- Dataset:
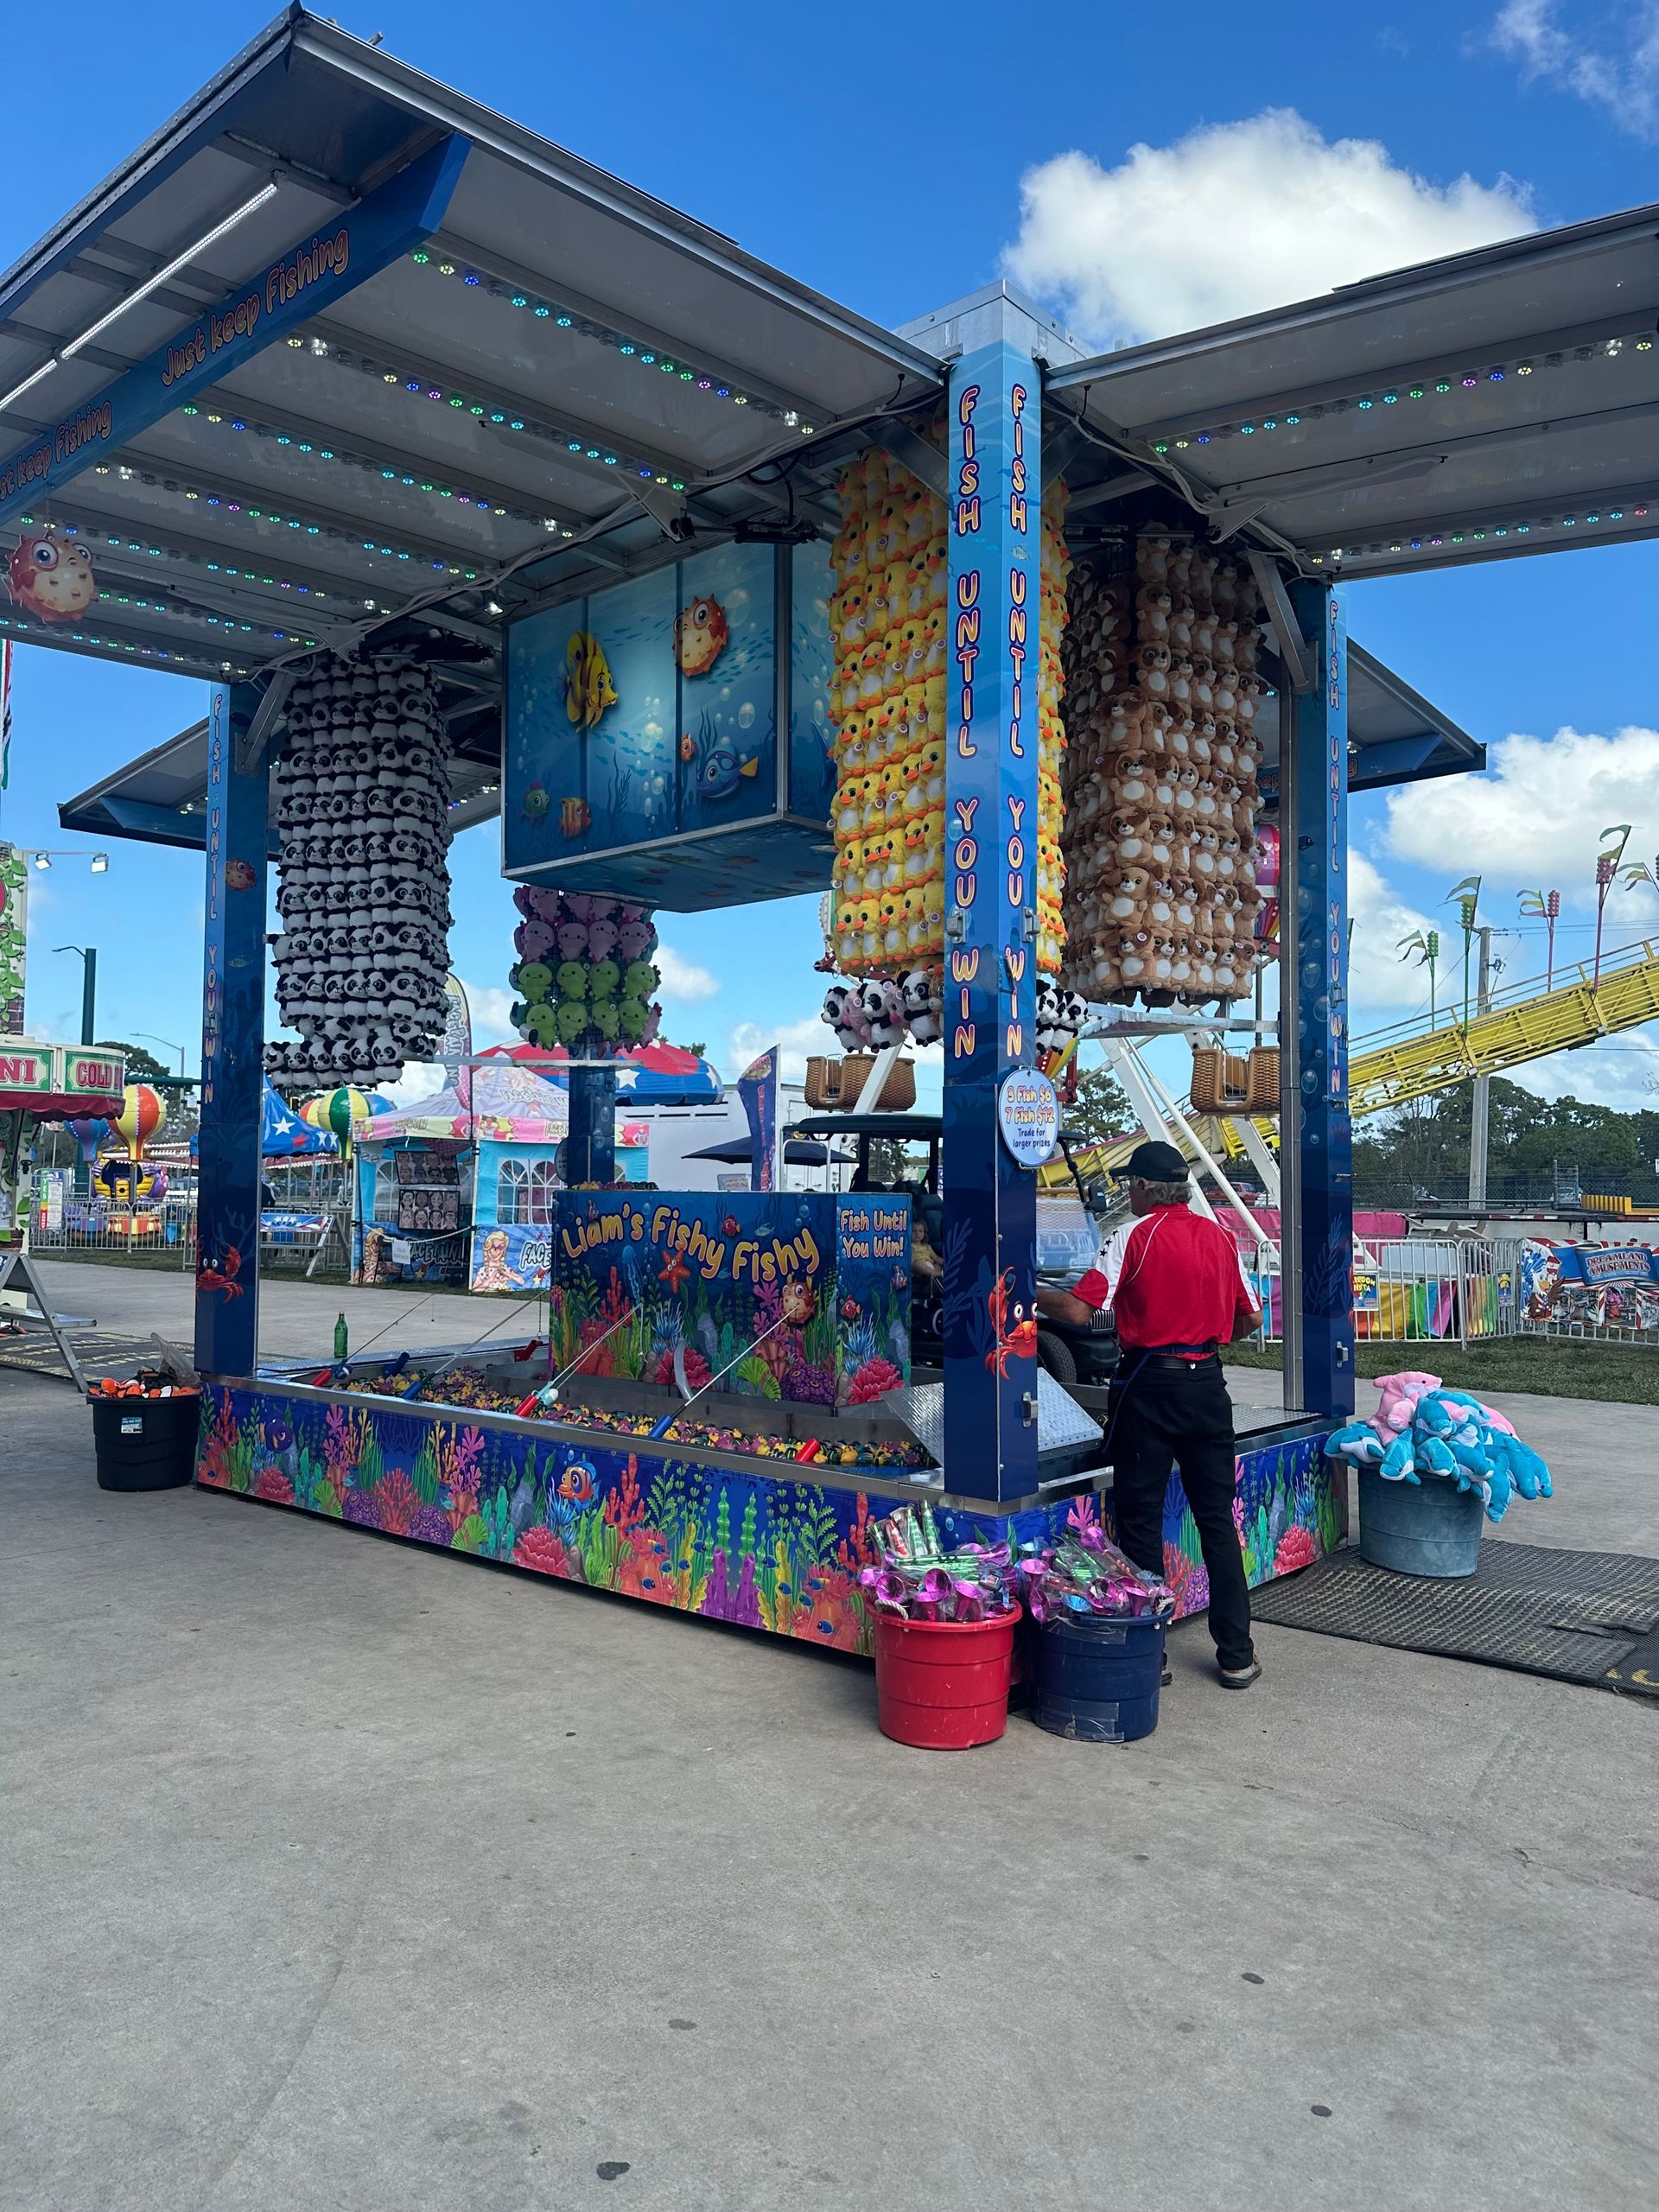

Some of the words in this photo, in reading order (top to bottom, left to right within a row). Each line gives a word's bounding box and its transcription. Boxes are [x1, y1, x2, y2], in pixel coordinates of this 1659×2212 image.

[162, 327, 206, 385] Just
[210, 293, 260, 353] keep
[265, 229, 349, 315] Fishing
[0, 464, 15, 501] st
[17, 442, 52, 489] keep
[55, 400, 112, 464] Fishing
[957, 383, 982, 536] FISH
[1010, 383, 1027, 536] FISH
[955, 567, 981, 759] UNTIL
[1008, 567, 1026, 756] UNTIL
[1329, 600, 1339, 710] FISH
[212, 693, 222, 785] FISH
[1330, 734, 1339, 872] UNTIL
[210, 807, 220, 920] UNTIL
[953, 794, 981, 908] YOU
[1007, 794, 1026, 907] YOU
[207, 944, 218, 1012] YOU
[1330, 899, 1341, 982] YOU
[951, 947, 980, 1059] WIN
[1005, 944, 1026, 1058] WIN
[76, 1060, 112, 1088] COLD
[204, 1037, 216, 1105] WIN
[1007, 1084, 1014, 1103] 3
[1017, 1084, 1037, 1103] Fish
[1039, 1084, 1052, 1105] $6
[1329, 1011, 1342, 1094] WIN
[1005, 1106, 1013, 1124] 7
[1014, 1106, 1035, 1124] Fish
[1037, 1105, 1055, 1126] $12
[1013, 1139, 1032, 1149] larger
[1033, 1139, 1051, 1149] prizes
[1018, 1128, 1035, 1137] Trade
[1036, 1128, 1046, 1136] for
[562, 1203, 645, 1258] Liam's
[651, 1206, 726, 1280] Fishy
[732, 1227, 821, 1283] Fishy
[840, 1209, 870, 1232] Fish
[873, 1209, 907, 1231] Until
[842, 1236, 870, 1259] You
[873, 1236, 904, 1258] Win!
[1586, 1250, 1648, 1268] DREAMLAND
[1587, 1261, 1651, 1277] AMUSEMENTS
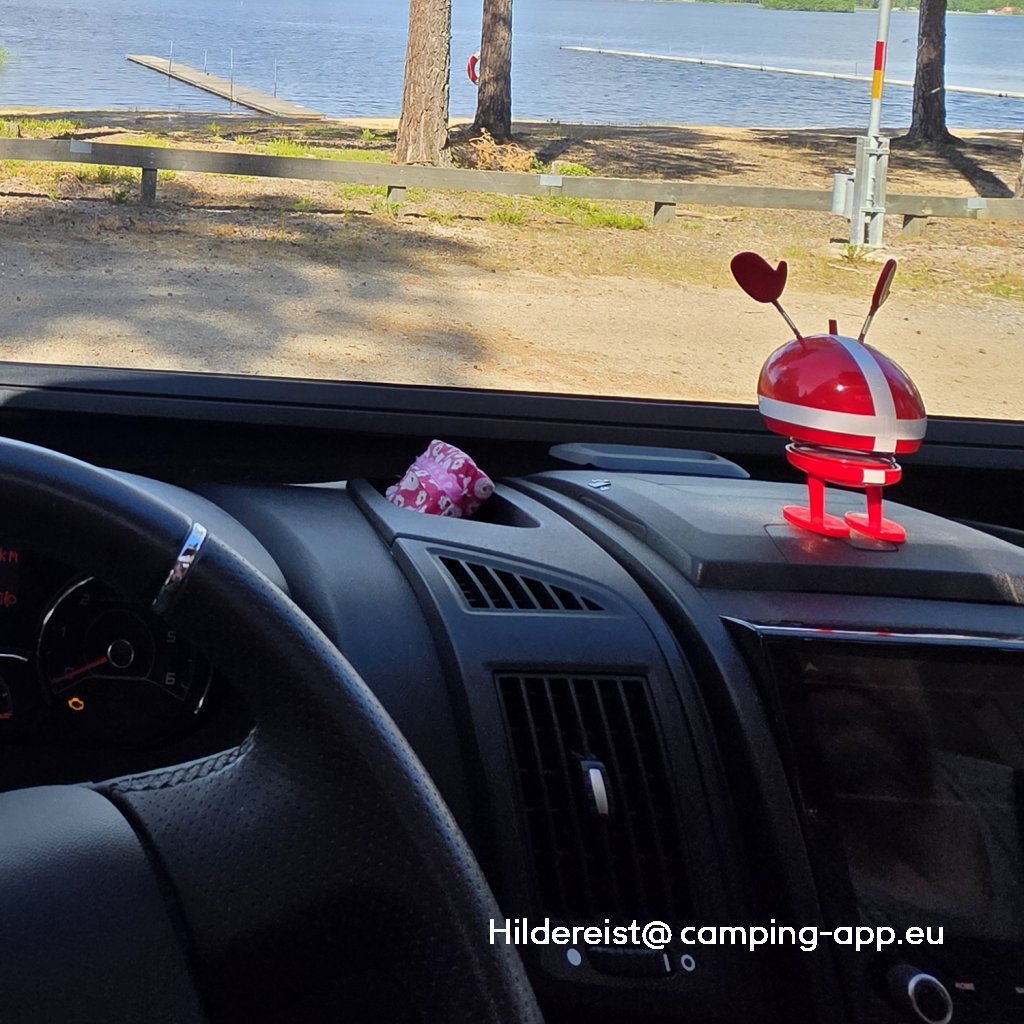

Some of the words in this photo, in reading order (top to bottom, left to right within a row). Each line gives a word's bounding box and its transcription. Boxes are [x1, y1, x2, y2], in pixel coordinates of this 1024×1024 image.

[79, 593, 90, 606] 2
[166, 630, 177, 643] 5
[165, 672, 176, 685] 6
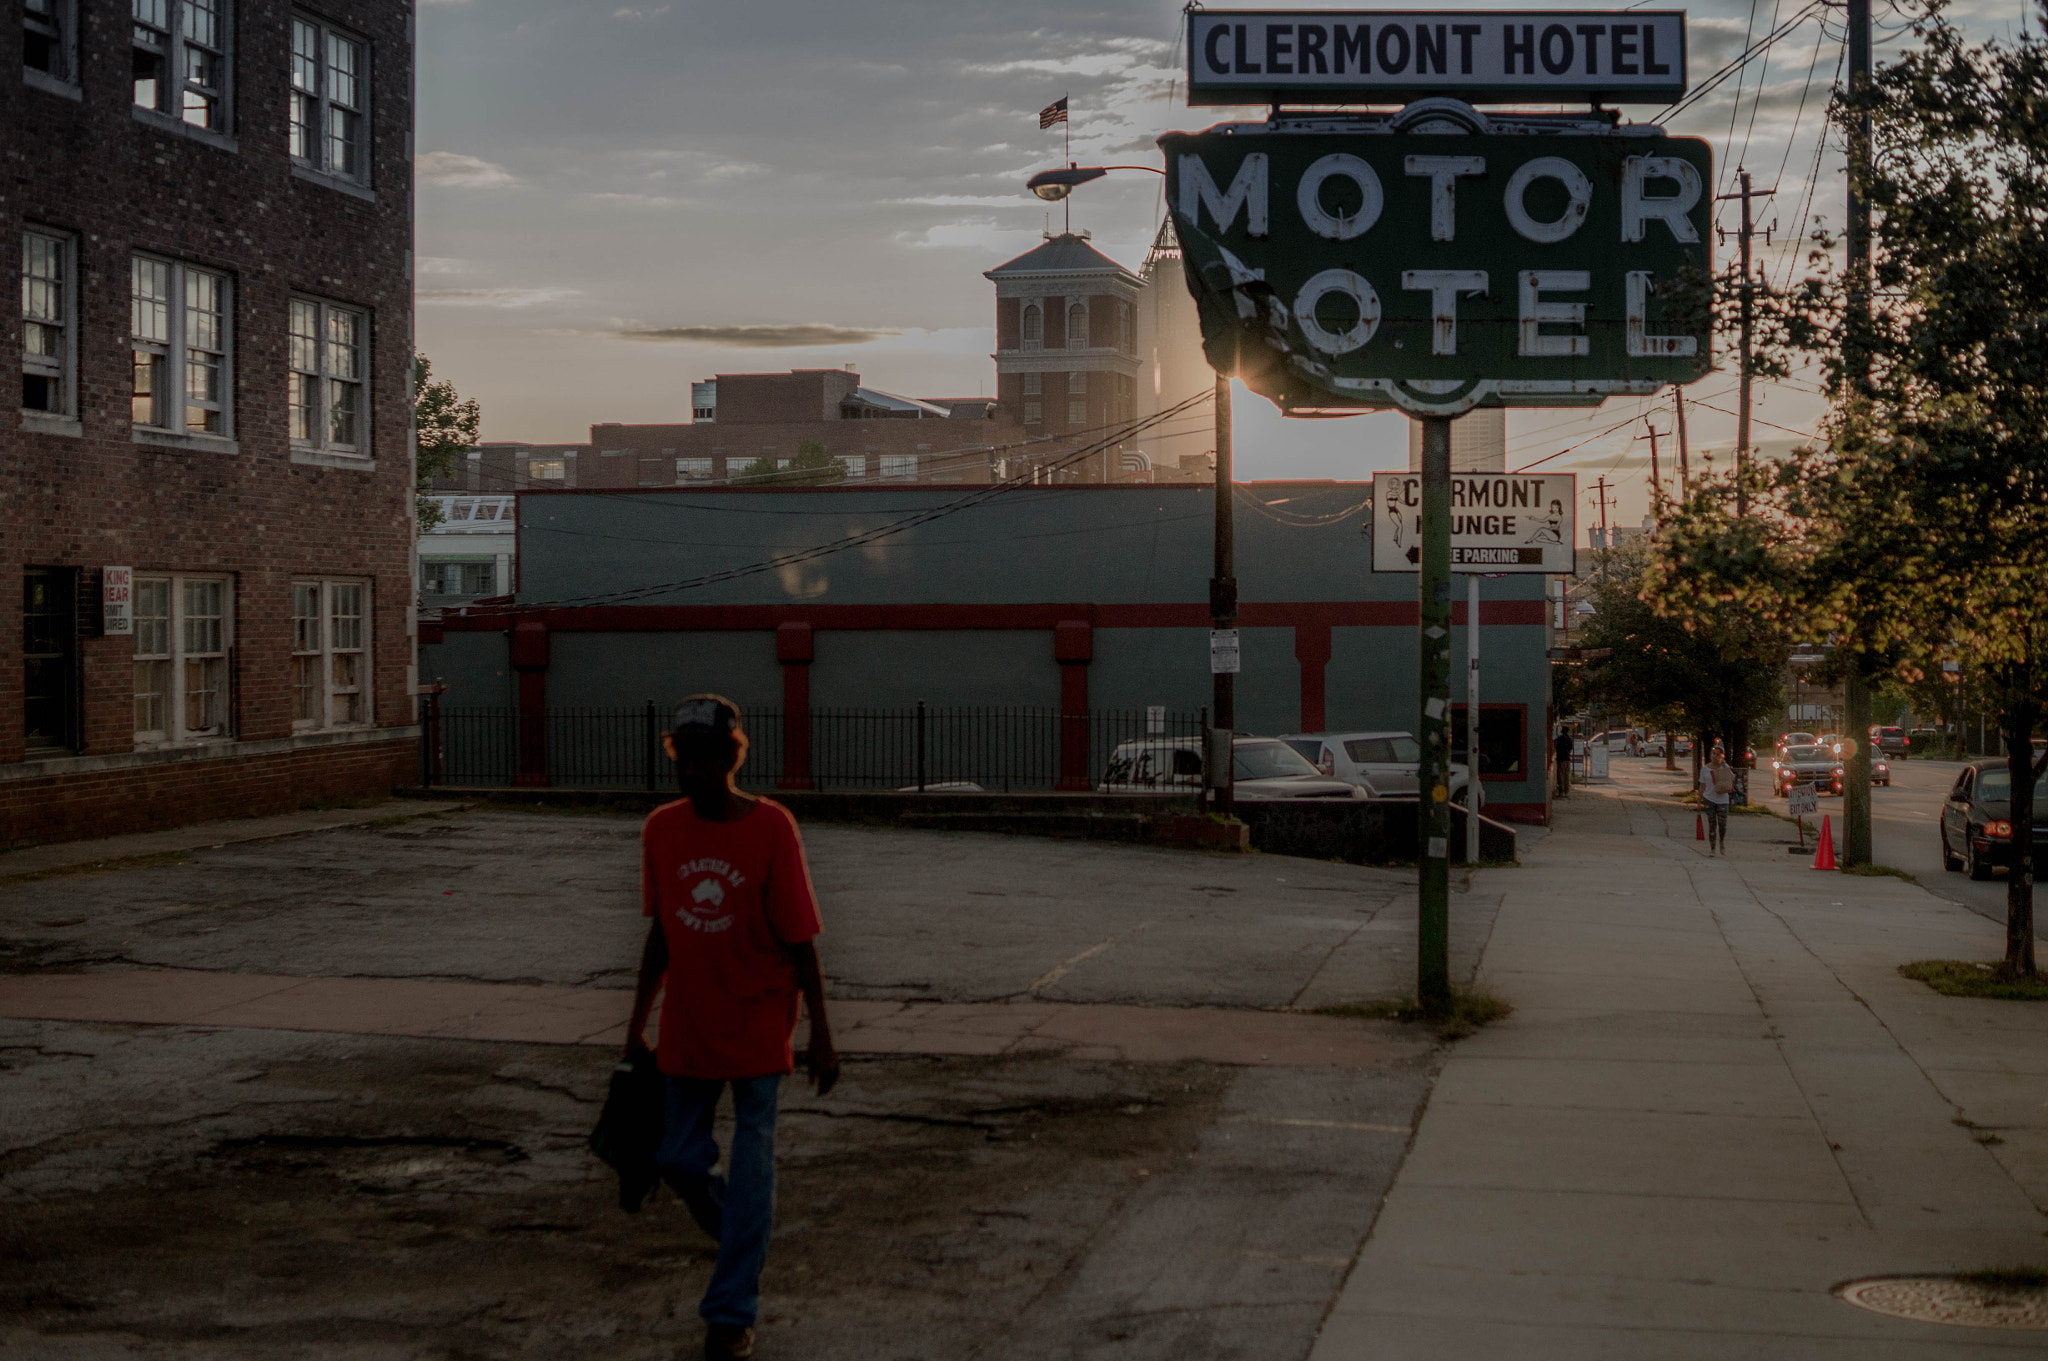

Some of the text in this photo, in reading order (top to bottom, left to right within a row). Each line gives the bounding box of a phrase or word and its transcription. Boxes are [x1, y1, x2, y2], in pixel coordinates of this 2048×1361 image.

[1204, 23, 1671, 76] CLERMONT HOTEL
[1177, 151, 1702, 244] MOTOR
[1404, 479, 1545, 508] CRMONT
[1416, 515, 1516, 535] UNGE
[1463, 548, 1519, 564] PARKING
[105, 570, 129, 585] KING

- Task details: Skip the images and write out the rest of the listing exactly.

- Answer to this problem:
Some of the words in this photo, in reading order (top to bottom, left to right within a row). Each line gives a word's bounding box and its transcription. Boxes are [x1, y1, x2, y2], in pixel coordinates of this 1659×2212 image.

[162, 327, 206, 385] Just
[210, 293, 260, 353] keep
[265, 229, 349, 315] Fishing
[0, 464, 15, 501] st
[17, 442, 52, 489] keep
[55, 400, 112, 464] Fishing
[957, 383, 982, 536] FISH
[1010, 383, 1027, 536] FISH
[955, 567, 981, 759] UNTIL
[1008, 567, 1026, 756] UNTIL
[1329, 600, 1339, 710] FISH
[212, 693, 222, 785] FISH
[1330, 734, 1339, 872] UNTIL
[210, 807, 220, 920] UNTIL
[953, 794, 981, 908] YOU
[1007, 794, 1026, 907] YOU
[207, 944, 218, 1012] YOU
[1330, 899, 1341, 982] YOU
[951, 947, 980, 1059] WIN
[1005, 944, 1026, 1058] WIN
[76, 1060, 112, 1088] COLD
[204, 1037, 216, 1105] WIN
[1007, 1084, 1014, 1103] 3
[1017, 1084, 1037, 1103] Fish
[1039, 1084, 1052, 1105] $6
[1329, 1011, 1342, 1094] WIN
[1005, 1106, 1013, 1124] 7
[1014, 1106, 1035, 1124] Fish
[1037, 1105, 1055, 1126] $12
[1013, 1139, 1032, 1149] larger
[1033, 1139, 1051, 1149] prizes
[1018, 1128, 1035, 1137] Trade
[1036, 1128, 1046, 1136] for
[562, 1203, 645, 1258] Liam's
[651, 1206, 726, 1280] Fishy
[732, 1227, 821, 1283] Fishy
[840, 1209, 870, 1232] Fish
[873, 1209, 907, 1231] Until
[842, 1236, 870, 1259] You
[873, 1236, 904, 1258] Win!
[1586, 1250, 1648, 1268] DREAMLAND
[1587, 1261, 1651, 1277] AMUSEMENTS

Some of the words in this photo, in reading order (top to bottom, left to right within a row). Each line gives a word's bounding box and its transcription. Boxes are [x1, y1, x2, y2], in pixel coordinates of this 1024×1024 image.

[79, 593, 90, 606] 2
[166, 630, 177, 643] 5
[165, 672, 176, 685] 6

Some of the text in this photo, in reading order (top to bottom, left to right within a row). Each line gives the bounding box of a phrase or word and its transcription. Boxes are [x1, y1, x2, y2], in pixel coordinates of this 2048×1361 image.

[1204, 23, 1671, 76] CLERMONT HOTEL
[1177, 151, 1702, 244] MOTOR
[1404, 479, 1545, 508] CRMONT
[1416, 515, 1516, 535] UNGE
[1463, 548, 1519, 564] PARKING
[105, 570, 129, 585] KING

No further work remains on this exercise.